Giving another person the authority to carry out specific activities is called delegation. Effective delegation pushes authority down vertically through the ranks of an organization. It should not be confused with participative decision making, in which there is a sharing of authority. Delegation empowers employees to make their own decisions. Managers who delegate properly do not abdicate their responsibilities; instead, they increase their effectiveness. However, if a manager dumps tasks on an employee without clarifying the job to be done, the employee’s discretionary range, the performance expected, and the time frame, then that person would be abdicating responsibility and inviting disaster. When delegating, managers should remember two important points: (1) employees will make mistakes, and (2) adequate controls will ensure that the costs of these mistakes do not exceed the value of the learning. Furthermore, when delegating, managers should consider the following contingency factors: The size of the organization. The larger the organization, the greater the number of decisions that must be made. Therefore, managers resort to delegation. The importance of the duty or decision. The more important a duty or decision is in terms of cost or impact on the firm, the less likely it is to be delegated. The complexity of the task. Complex tasks require greater expertise, and decisions about them should be delegated to the people who have the necessary technical knowledge. The culture of the organization. Managers who have confidence in their employees and trust them are more likely to support delegation. Managers who do not have such attitudes and feelings will delegate only when it is absolutely necessary. The quality of the employees. Delegation requires employees with the skills, abilities, and motivation to accept authority and act on it.

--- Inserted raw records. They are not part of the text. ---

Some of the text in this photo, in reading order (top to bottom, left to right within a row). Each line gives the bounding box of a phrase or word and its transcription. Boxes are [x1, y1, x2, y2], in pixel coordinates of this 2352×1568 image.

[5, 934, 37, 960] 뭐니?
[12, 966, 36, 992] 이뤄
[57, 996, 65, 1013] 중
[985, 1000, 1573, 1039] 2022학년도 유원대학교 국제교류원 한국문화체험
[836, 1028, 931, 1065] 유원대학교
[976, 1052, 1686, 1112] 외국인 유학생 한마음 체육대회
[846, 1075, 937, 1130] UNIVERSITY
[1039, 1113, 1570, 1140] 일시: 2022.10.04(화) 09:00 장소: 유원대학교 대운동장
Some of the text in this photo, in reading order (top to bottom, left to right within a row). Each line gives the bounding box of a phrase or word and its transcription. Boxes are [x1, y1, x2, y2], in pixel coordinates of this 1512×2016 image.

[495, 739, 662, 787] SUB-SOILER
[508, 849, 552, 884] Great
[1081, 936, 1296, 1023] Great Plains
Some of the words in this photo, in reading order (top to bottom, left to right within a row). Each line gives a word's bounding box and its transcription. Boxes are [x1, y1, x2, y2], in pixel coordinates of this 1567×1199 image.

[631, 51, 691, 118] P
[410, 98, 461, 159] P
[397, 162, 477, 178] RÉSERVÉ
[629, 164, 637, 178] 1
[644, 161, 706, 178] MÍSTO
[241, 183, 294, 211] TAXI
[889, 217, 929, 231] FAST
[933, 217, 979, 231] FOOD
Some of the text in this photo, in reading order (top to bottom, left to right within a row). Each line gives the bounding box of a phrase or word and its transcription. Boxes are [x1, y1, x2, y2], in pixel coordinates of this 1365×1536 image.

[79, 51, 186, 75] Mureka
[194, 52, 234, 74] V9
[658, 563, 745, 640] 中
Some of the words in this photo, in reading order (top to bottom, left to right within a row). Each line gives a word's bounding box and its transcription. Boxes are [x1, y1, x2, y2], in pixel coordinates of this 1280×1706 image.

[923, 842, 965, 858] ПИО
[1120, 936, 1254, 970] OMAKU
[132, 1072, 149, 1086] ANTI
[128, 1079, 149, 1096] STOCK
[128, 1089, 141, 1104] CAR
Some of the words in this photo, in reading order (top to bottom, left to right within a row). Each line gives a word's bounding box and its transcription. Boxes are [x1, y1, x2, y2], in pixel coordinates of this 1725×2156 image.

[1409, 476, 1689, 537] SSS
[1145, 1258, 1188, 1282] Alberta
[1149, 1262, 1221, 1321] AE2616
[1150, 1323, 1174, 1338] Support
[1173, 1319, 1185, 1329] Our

The following actions promote effective delegation. 1.Clarify the assignment. Determine what is to be delegated and to whom. Provide clear information on what is being delegated, the results expected, and time or performance expectations. 2.Specify the subordinate’s range of discretion. Delegation comes with constraints. Subordinates do not have unlimited authority. 3.Allow the subordinate to participate. By allowing employees to help determine what will be delegated, the authority required to do the job, and standards of judgment, managers can promote satisfaction, motivation, and accountability. 4.Inform others that delegation has occurred. Failure to inform others makes conflict likely and decreases the chances that subordinates will be successful. 5.Establish feedback controls. Monitoring a subordinate’s progress will increase the likelihood that important problems or expensive mistakes can be identified early and avoided.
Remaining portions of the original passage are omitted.